💕 Soda

5.1K 438 63
                                    

Zaidan bilang hari ini ia akan menemani Inaya, tapi kenyataannya Zaidan hanya membawa semua pekerjaanya ke rumah. Sebab sejak tadi ia terus sibuk dengan kertas dan laptop di atas meja. Selain menjadi apoteker penanggung jawab di Apotek Assyifa, kini Zaidan juga bekerja sebagai apoteker penanggung jawab di sebuah distributor obat. Hal itu membuat Zaidan jadi semakin sibuk belakangan ini. Selain semua berkas perihal pergantian apoteker di Apotek Assyifa, Zaidan juga sekarang harus membenahi perihal perizinan distribusi obat ke apotek-apotek karna rupanya apoteker sebelum Zaidan tidak merekap data-datanya dengan rapi.

Inaya mendecak kesal, ia kembali memindahkan chanel televisi. Dan pilihannya jatuh pada acara masak-masak, sepertinya seru. Sialnya, baru sebentar nonton malah langsung iklan.

Mata Inaya terpaku ke layar televisi yang menampilkan seorang gadis meminum soda. Soda yang dicampur es batu itu diminum siang-siang, menggiurkan. Warna merahnya seolah memanggil mata Inaya untuk terus memperhatikan iklan soda itu.

Inaya menelan salivanya dengan kasar. Entah kenapa Inaya jadi tergoda. Minuman soda dengan warna merah menyala itu terlihat sangat nikmat dan segar diminum. Matanya kembali melirik Zaidan.

Inaya tahu, sangat tahu jika mengkonsumsi soda tidak dianjurkan bahkan ada yang bilang dilarang untuk ibu hamil. Apalagi masa kehamilan Inaya sekarang ini masih sangat muda, baru delapan minggu. Minta izin pada Zaidan sama saja minta dimarahi. Lebih baik beli sendiri, lagi pula Inaya cuma mau sedikit. Tidak akan bahaya.

"Mmm ... Mas?"

"Apa?"

"Naya, mau keluar sebentar ya."

Zaidan mengernyit tangannya yang semula bermain di atas keyboard kini berhenti. Matanya melirik Inaya yang mulai berdiri. "Ke mana?"

"Jalan-jalan," sahut Inaya. "Lagian dari tadi juga Naya dicuekin terus kan. Mending jalan ke taman."

Zaidan mengatur laptop dengan mode sleep, ia menutup benda itu kemudian merapikan kertas-kertas resep yang bertebaran.

"L-lho?

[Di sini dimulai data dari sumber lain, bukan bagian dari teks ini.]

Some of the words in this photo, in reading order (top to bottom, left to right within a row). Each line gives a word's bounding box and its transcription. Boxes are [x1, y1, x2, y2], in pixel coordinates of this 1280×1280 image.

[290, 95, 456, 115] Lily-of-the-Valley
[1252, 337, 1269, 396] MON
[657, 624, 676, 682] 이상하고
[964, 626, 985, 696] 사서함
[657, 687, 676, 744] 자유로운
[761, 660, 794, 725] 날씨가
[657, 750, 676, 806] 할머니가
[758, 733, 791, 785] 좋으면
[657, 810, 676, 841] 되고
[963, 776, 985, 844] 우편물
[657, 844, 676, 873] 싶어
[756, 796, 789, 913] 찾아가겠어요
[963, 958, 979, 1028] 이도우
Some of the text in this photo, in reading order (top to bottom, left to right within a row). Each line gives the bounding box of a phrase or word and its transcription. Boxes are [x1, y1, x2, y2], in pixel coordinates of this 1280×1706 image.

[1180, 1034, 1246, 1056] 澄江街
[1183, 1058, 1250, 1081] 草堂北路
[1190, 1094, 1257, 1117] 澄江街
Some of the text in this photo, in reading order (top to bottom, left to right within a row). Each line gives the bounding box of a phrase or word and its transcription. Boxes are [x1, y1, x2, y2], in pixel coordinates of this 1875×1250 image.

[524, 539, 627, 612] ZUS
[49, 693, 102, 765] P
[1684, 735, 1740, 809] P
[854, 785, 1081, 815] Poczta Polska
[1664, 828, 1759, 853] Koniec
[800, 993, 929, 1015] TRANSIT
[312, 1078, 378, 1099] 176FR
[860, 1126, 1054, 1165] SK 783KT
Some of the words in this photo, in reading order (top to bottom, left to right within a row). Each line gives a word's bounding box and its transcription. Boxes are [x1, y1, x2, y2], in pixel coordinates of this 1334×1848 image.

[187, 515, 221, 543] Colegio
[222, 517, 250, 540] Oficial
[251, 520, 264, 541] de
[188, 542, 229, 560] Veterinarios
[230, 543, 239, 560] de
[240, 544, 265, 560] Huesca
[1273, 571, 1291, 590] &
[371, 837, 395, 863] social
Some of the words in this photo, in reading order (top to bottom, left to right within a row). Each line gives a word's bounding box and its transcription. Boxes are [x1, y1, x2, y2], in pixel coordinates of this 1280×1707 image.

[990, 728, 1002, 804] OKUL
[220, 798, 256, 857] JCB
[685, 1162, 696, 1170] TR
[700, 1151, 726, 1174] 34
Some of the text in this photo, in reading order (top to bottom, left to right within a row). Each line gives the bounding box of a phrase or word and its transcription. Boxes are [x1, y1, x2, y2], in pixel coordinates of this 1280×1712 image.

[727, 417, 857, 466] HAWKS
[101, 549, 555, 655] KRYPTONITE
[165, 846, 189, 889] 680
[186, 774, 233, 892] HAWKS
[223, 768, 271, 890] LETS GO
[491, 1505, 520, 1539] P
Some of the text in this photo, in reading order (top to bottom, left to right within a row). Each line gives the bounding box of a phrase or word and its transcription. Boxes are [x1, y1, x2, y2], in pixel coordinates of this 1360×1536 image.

Mas kenapa malah rapi-rapi?"

"Kamu mau jalan-jalan kan?"

Kalau begini caranya sama aja bohong. "Naya jalan-jalan sendiri aja."

"Tadi katanya nggak mau dicuekin, sekarang saya temenin malah nggak mau."

Inaya meringis. "Udah Mas lanjutin aja. Lagian kan kerjaan Mas banyak, Naya cuma mau beli cokelat aja kok."

"Bukannya di kulkas masih banyak."

Sepertinya Zaidan benar, sesekali Inaya harus melatih otaknya agar cerdik sedikit. "Sama mau beli camilan."

Tangan Inaya menyentuh bahu Zaidan, mengarahkan agar kembali duduk di sofa. "Mas duduk aja di sini, biar Naya beli sendiri. Lagian Naya belanjanya lama lho, yakin mau nemenin?"

Zaidan menatap Inaya sebentar kemudian kembali membuka laptop. "Yaudah, jangan terlalu lama."

Berhasil! Inaya bersorak dalam hati. Seyumnya terlukis lebar. "Mas mau titip apa?"

"Nggak usah, beli yang kamu mau aja."

"Oke." Inaya masih mempertahankan senyuman lebarnya. Ia berjalan dengan semangat ke kamar, mencari-cari baju dan tas.

Minuman segar aku datang!

***

Inaya tersenyum senang ketika sebotol minuman soda sudah ada di tangannya. Dan lagi, kasir dengan sangat baik hati membantu Inaya memuka segel botolnya. Inaya jadi tak perlu repot membuka segel botol.

Sekarang ini ia duduk di taman, tepat di bawah pohon yang rindang. Sebotol minuman soda tampak begitu mengiurkan, dengan senyum yang masih mengembang Inaya mengangkat botol itu untuk meminumnya.